U.S. interest in Haiti isn’t selfless

Philadelphia Inquirer – May 6, 2010

Michelle Obama’s trip to Haiti last month added another high-profile figure to an informal list my students and I have been keeping of important American visitors to the island nation.

Hillary Clinton arrived in Port-au-Prince only days after the earthquake hit. Since then, Bill Clinton has flown down in the company of George W. Bush. The secretary of state, two former presidents, and the first lady, among others, add up to a lot of top brass.

Why so much high-level attention? There are the obvious reasons: the scale of the tragedy in lives lost and property damaged, the abject poverty of the country, the urgent need for outside aid, and Haiti’s nearby location, only 700 miles off the coast of Florida.

All of that’s important, certainly, but is it enough to justify such a procession?

My students studying 20th-century global history have become accustomed to thinking in terms of realpolitik. They have learned to consider the strategic significance of a particular region and to ask who benefits (or suffers) from a given policy or action.

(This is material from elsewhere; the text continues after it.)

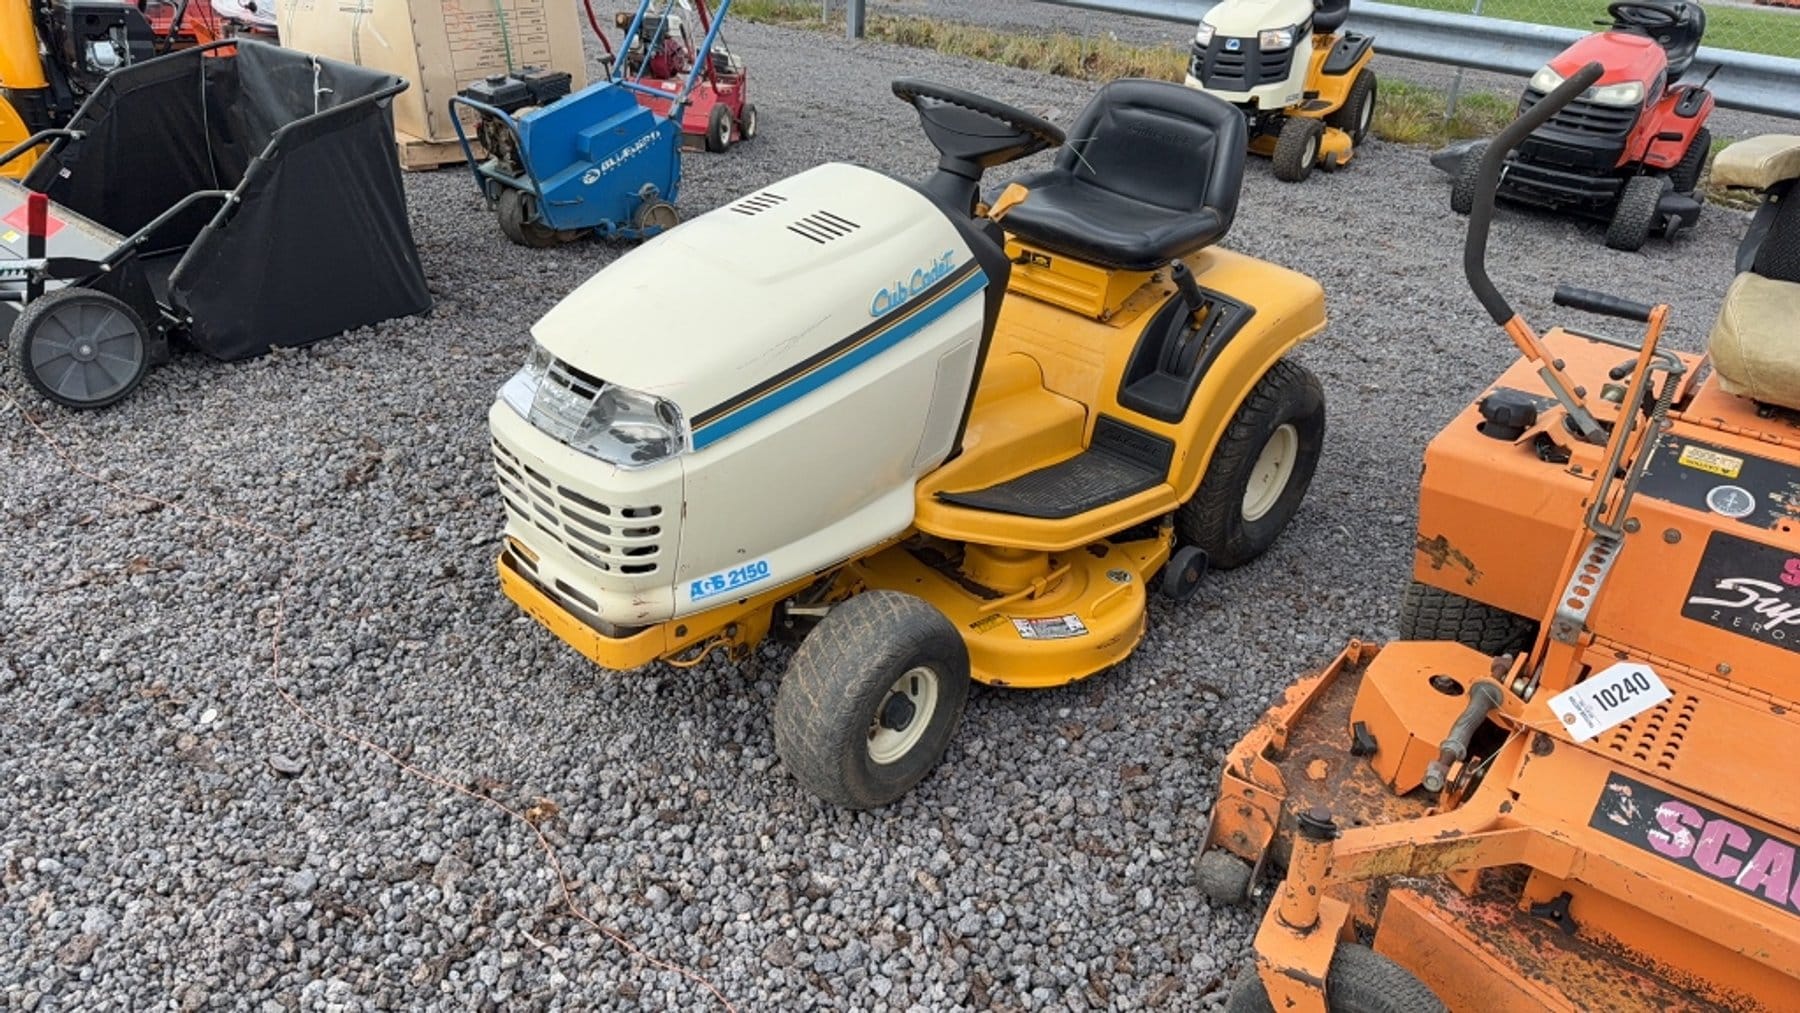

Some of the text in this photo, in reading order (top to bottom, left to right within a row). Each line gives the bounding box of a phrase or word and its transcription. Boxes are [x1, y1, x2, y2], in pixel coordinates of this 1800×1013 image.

If we believed the Bush administration, for example, the United States invaded Iraq because Saddam Hussein’s regime posed a threat to our allies in the region with its weapons of mass destruction, except that there weren’t any. There was oil, however, which brings us back to Haiti.

Having no natural resources for which America hungers and no industrial base, what is Haiti’s strategic importance? Why lavish attention on this country now, when its people have been suffering desperately for years?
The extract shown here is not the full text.